Menu
Stuart King

Review: SECOND BEST at Riverside Studios

Asa Butterfield has carved quite a niche for himself playing naively innocent and quirky misfits (notably in The Boy in the Striped Pyjamas, and more recently as Otis in Sex Education). His one-man performance has largely sold-out the Riverside Studios where SECOND BEST opened this evening marking the young actor’s stage debut.

Asa Butterfield in Second Best. Photo Hugo GlendinningAsa Butterfield in Second Best. Photo Hugo Glendinning

A gloss white interior is dominated by a large wooden transportation packing case. The stage is further furnished with picture frames propped against a wall, a film camera perched on a tri-pod and tucked into a corner, a TV monitor, and perhaps most incongruously, a hospital bed mounted half-way up a wall. We could be in a modern Cork Street art gallery. But no, Martin is about to use these props (and others) to tell us about those key events in his young life which have proved exciting, significant or more especially, have developed into something far more traumatising.

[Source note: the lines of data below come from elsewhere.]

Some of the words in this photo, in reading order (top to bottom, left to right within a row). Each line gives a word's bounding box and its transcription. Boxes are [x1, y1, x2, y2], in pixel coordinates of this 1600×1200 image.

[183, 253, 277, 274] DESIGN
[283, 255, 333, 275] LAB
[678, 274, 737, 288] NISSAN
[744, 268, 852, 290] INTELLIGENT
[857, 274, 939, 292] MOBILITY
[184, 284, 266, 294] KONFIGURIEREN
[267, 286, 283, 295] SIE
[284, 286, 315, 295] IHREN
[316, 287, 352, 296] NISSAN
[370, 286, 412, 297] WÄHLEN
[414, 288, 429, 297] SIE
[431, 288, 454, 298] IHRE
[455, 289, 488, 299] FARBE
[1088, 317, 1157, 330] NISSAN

Playwright Barney Norris leaves behind the underwhelming The Band Back Together and once again hits his stride with an emotionally charged and occasionally very funny monologue, which attempts (and in the main, succeeds) in encompassing The Mona Lisa, Harry Potter, juvenile bullying, jacket potatoes, yet more Harry Potter, parental death, a tin foil collection, a barbecue stabbing, an ultrasound fainting episode and would you believe, still more Harry Potter.

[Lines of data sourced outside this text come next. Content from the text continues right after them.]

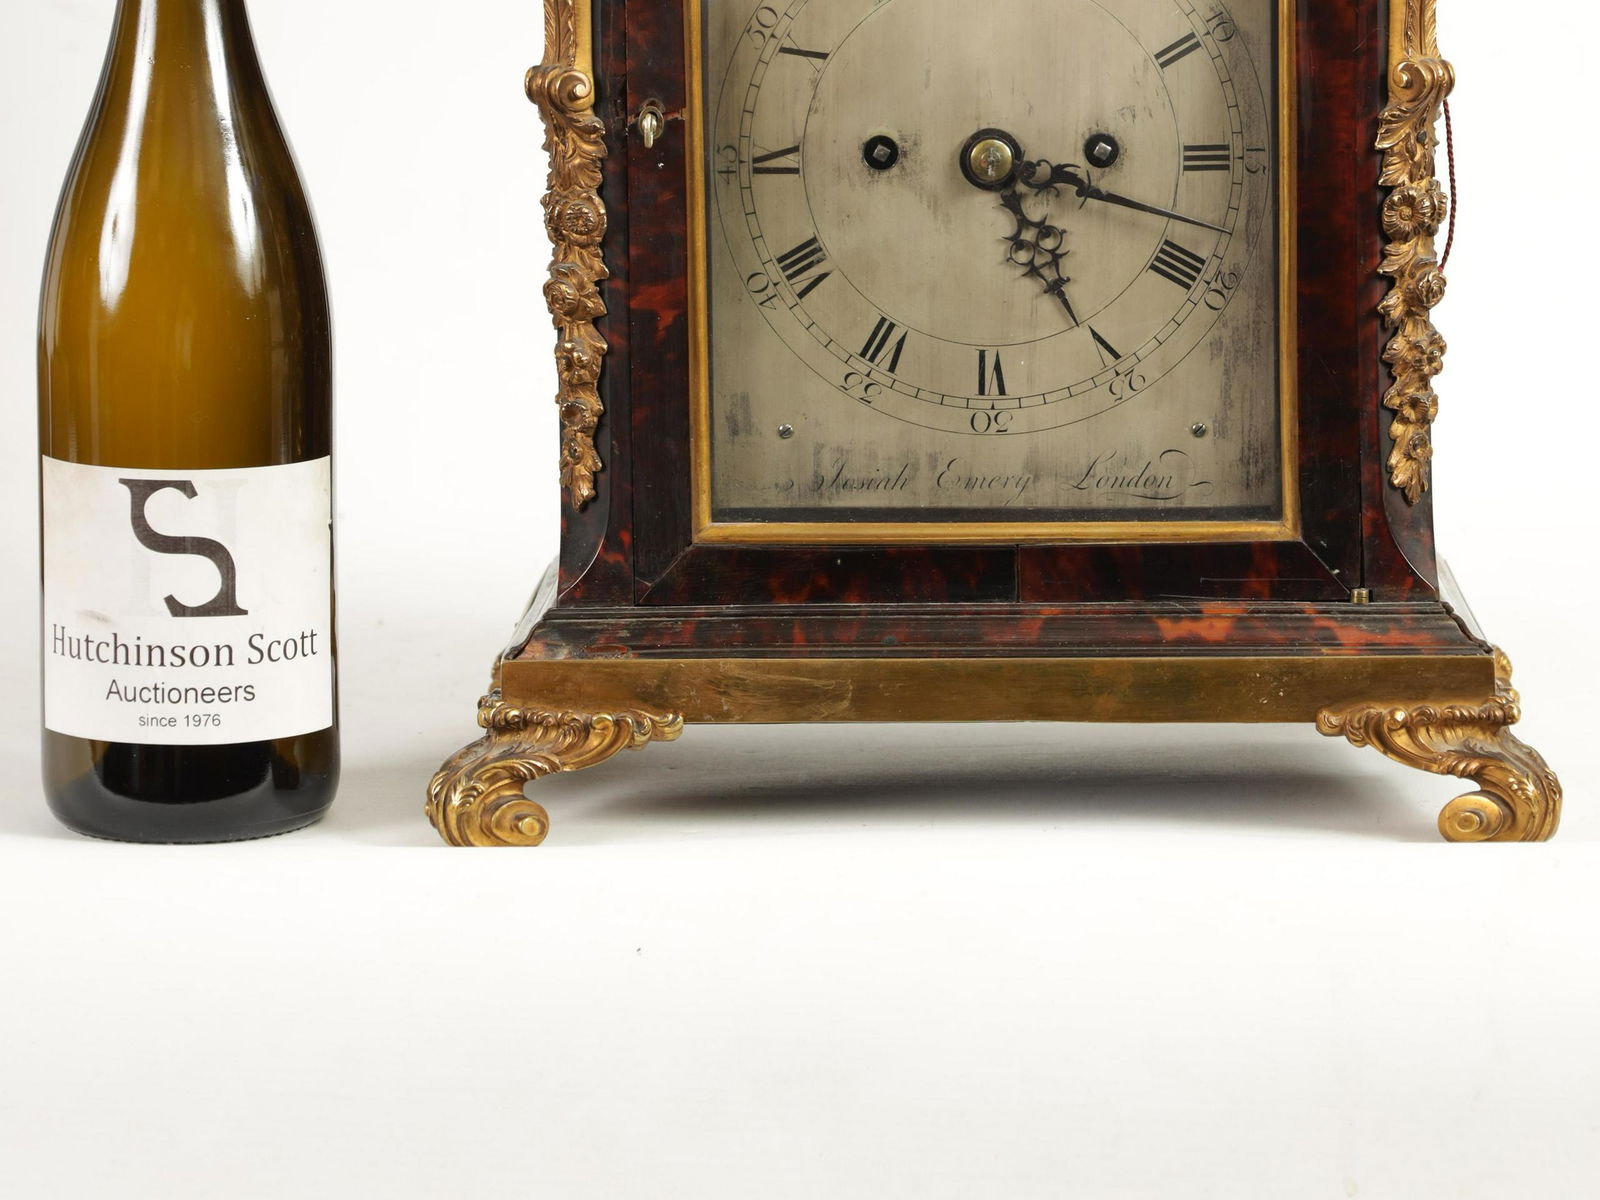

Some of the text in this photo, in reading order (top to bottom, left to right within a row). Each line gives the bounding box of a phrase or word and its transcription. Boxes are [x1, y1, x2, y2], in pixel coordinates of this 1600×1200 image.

[746, 6, 779, 50] 50
[1206, 10, 1236, 43] 10
[775, 30, 833, 73] X
[1153, 31, 1204, 74] II
[716, 144, 739, 186] 45
[752, 142, 801, 179] IX
[1182, 143, 1231, 176] III
[1244, 144, 1268, 176] 15
[773, 232, 835, 303] VIII
[1146, 235, 1209, 295] IIII
[747, 271, 778, 311] 40
[1203, 269, 1238, 312] 20
[855, 313, 909, 376] VII
[1087, 324, 1128, 371] V
[839, 370, 883, 404] 35
[975, 348, 1010, 397] VI
[1108, 367, 1147, 402] 25
[969, 410, 1014, 434] 30
[814, 450, 1175, 506] Josiah Emery London
[52, 623, 318, 668] Hutchinson Scott
[105, 679, 256, 705] Auctioneers
[138, 713, 222, 728] since 1976

Martin we learn, endured the mild childhood disappointment of being the front runner to play the boy wizard, only to be pipped at the final casting session by a lad who now, must not be named. Following the death of his film props making father, Martin dwells across the channel with his French mother and her exceedingly unpleasant partner who enjoys a level of surreptitious Gallic gaslighting, the cruelty of which is synonymous with the Dursley family’s cupboard under the stairs reign of terror at HP’s expense.

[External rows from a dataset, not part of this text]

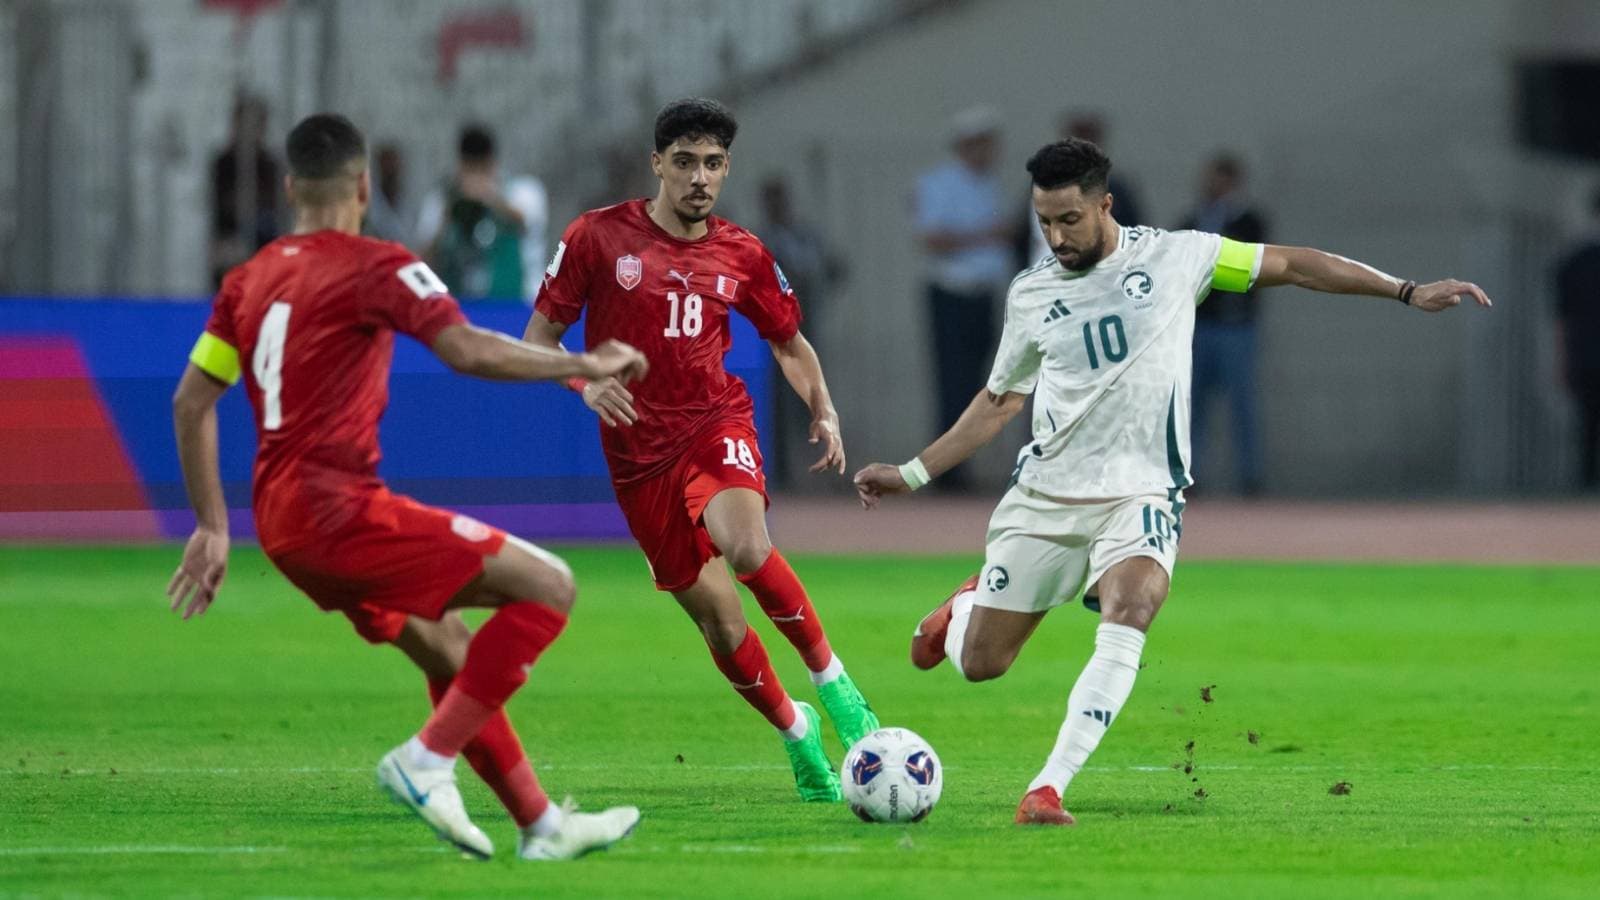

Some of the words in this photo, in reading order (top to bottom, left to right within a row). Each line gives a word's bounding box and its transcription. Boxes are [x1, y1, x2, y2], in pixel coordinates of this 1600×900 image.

[663, 291, 703, 338] 18
[1082, 314, 1129, 370] 10
[252, 301, 292, 432] 4
[722, 437, 756, 469] 18
[1142, 503, 1172, 541] 10
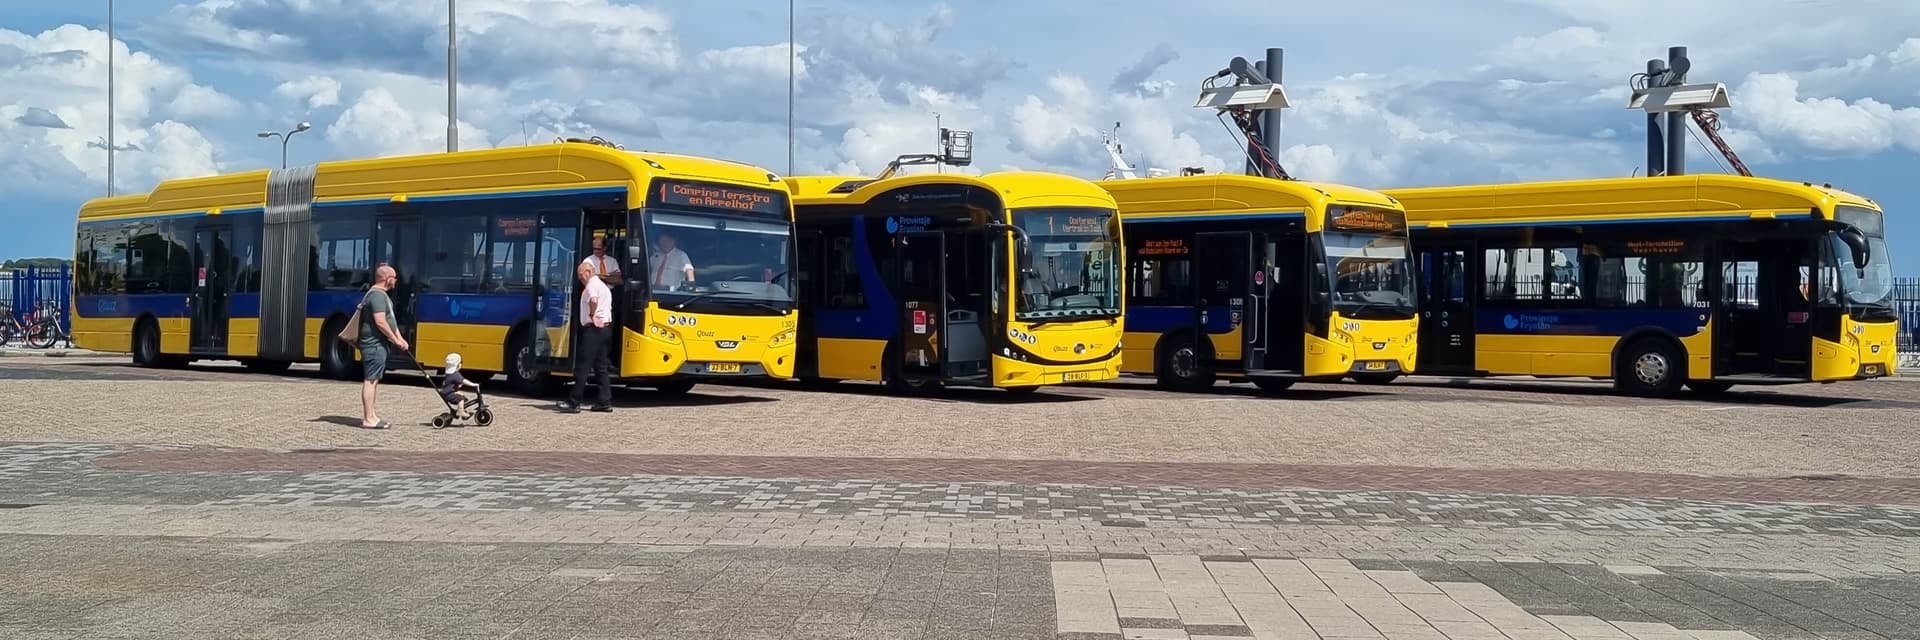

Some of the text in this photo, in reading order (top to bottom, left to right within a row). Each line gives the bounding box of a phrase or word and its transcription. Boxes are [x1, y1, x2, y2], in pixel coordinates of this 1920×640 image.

[660, 183, 667, 203] 1
[673, 184, 719, 198] Camping
[689, 196, 703, 205] en

When Martin loses his tether at a family barbecue, suffers a breakdown and is forced to endure a sojourn at a mental institution, he entertains the notion that he might become a hospital porter, but like house painter, the initials bode ill.

The entertaining ramble, which Butterfield delivers with an easy conviviality across the height and breadth of the stage, (crawling in dust or perched precariously on the aforementioned bed half-way up the wall), takes us from the imminent birth of his child, through his own childhood trauma and neatly back to the party where he and his partner Sophie first met. In some ways it is all a little too tidy and as a consequence may come across as a tad glib, but this is a yarn, with threads, its fair share of knotty moments and others where you’ll be in stitches, simply at the sight of this actor’s natural predisposition to convey awkward humanity.

Directed by Michael Longhurst with a playfully inventive set by Fly Davis, SECOND BEST plays at Riverside Studios until 22 February.